Les enfants sont arrivés, la plupart nu-tête et mal chaussés ; les uns, pareils à des épouvantails, avec leurs vêtements de guingois collés sur leur carcasse maigre, et des égouttures au bout des doigts et au bout du nez ; les autres, des petits tas informes, comparables aux vieux paillassons dont les balayeurs municipaux se servent pour barrer les ruisseaux.
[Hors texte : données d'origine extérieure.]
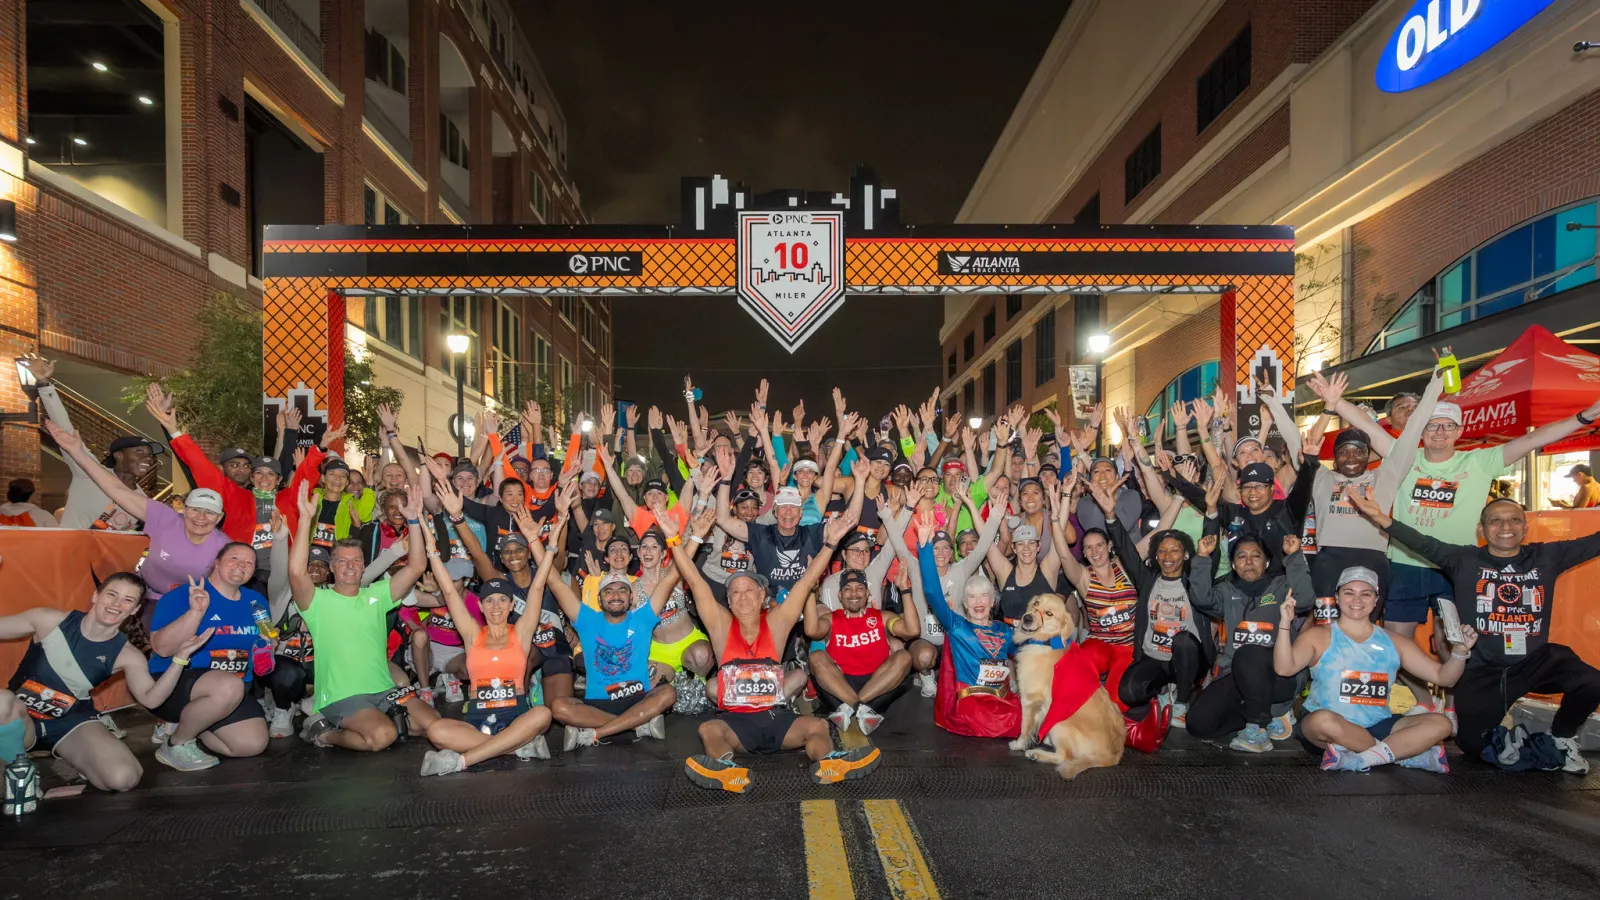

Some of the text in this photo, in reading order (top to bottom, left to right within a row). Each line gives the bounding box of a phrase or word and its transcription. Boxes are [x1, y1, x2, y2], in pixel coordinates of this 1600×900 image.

Des tignasses aquatiques rappellent la race bâtarde de certains vilains chiens d’aveugles.

Les premiers entrés ont marqué leurs pas juteux sur le parquet, de la barrière aux patères et des patères aux bancs ; bientôt, un chemin de boue s’est dessiné dans le préau.

À dégrafer les capuchons, j’ai la peau des doigts frisée comme après une lessive.

Tiens ! voici Louise Guittard ; elle me convie à rire des perles qui pendent aux oreilles des garçons.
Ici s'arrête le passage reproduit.